» Assigned task
Could you transcribe each entry below exactly, minus the images?

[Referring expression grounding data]

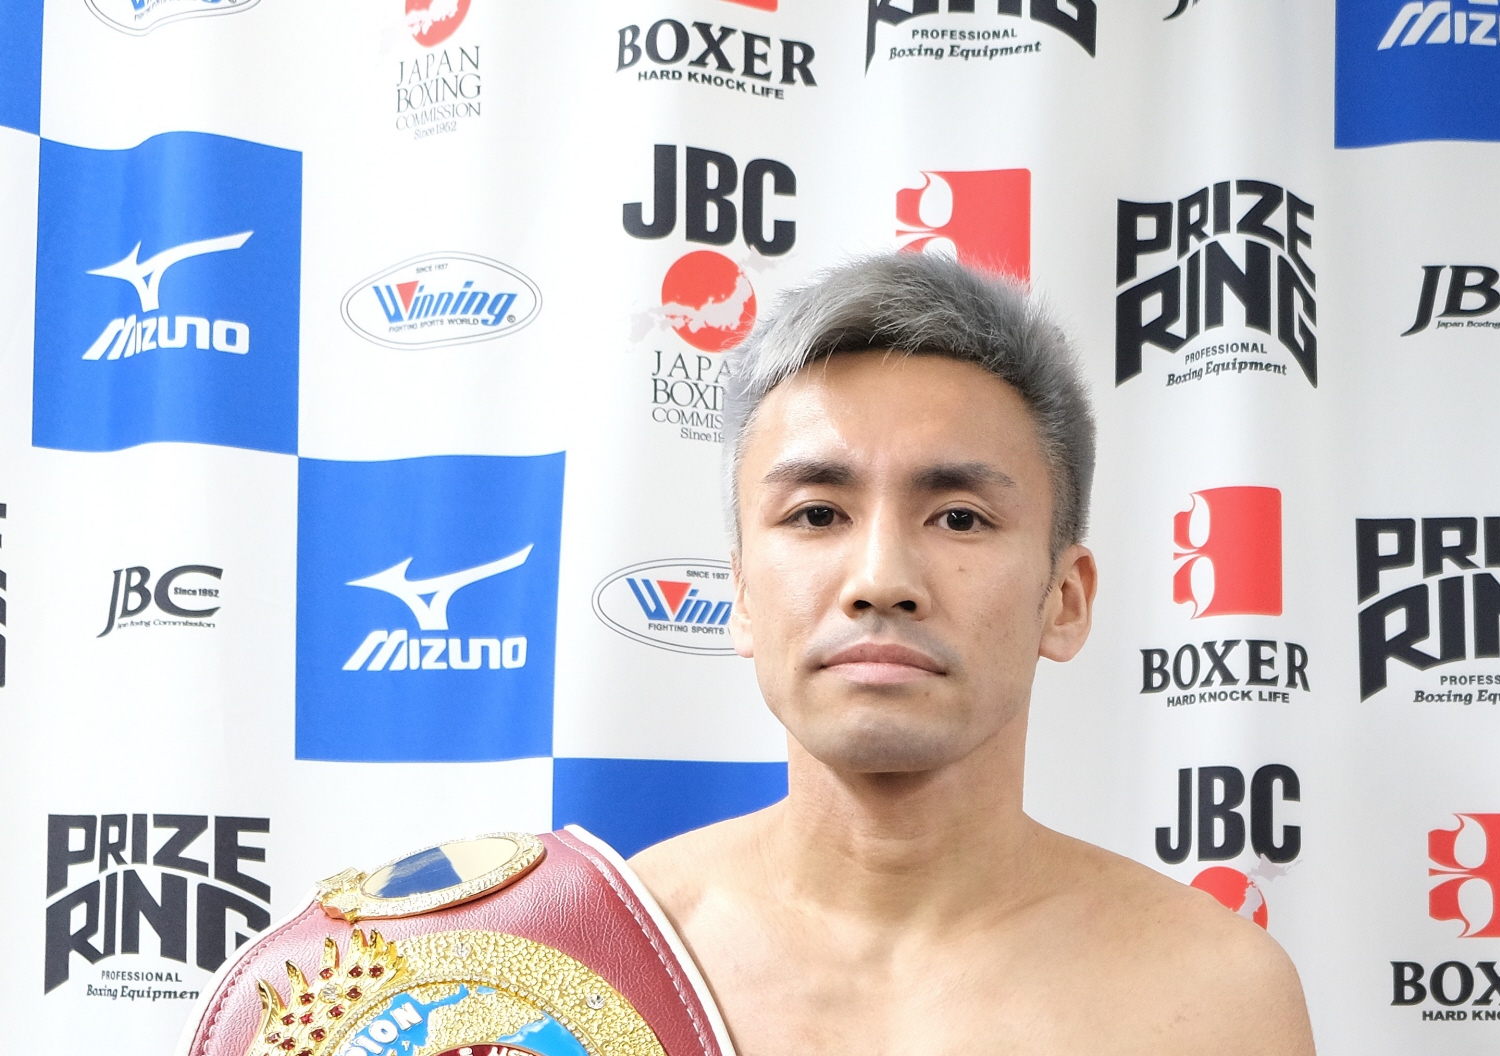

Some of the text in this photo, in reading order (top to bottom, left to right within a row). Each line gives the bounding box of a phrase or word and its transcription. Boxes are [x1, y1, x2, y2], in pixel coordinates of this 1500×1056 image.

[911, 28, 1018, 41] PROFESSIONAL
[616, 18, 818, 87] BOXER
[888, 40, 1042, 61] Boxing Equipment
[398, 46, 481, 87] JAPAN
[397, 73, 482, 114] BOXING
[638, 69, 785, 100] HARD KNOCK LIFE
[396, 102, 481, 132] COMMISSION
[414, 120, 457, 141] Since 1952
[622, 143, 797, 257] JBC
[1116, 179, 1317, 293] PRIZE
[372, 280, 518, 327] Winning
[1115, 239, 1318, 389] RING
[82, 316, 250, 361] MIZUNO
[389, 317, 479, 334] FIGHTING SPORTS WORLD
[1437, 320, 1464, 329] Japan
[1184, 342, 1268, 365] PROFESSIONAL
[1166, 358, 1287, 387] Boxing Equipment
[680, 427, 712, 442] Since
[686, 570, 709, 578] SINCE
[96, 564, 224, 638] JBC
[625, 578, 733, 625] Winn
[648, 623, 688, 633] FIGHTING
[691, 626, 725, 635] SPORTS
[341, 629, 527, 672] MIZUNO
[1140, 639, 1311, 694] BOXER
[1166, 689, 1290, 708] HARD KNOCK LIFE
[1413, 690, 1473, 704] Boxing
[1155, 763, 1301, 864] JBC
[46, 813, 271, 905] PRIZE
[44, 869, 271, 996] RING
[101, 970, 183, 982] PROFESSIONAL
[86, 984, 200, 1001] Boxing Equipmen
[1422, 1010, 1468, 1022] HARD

» Answer to this problem
Some of the text in this photo, in reading order (top to bottom, left to right within a row). Each line gives the bounding box of a phrase or word and its transcription. Boxes are [x1, y1, x2, y2], in pixel coordinates of this 1500×1056 image.

[911, 28, 1018, 41] PROFESSIONAL
[616, 18, 818, 87] BOXER
[888, 40, 1042, 61] Boxing Equipment
[398, 46, 481, 87] JAPAN
[397, 73, 482, 114] BOXING
[638, 69, 785, 100] HARD KNOCK LIFE
[396, 102, 481, 132] COMMISSION
[414, 120, 457, 141] Since 1952
[622, 143, 797, 257] JBC
[1116, 179, 1317, 293] PRIZE
[372, 280, 518, 327] Winning
[1115, 239, 1318, 389] RING
[82, 316, 250, 361] MIZUNO
[389, 317, 479, 334] FIGHTING SPORTS WORLD
[1437, 320, 1464, 329] Japan
[1184, 342, 1268, 365] PROFESSIONAL
[1166, 358, 1287, 387] Boxing Equipment
[680, 427, 712, 442] Since
[686, 570, 709, 578] SINCE
[96, 564, 224, 638] JBC
[625, 578, 733, 625] Winn
[648, 623, 688, 633] FIGHTING
[691, 626, 725, 635] SPORTS
[341, 629, 527, 672] MIZUNO
[1140, 639, 1311, 694] BOXER
[1166, 689, 1290, 708] HARD KNOCK LIFE
[1413, 690, 1473, 704] Boxing
[1155, 763, 1301, 864] JBC
[46, 813, 271, 905] PRIZE
[44, 869, 271, 996] RING
[101, 970, 183, 982] PROFESSIONAL
[86, 984, 200, 1001] Boxing Equipmen
[1422, 1010, 1468, 1022] HARD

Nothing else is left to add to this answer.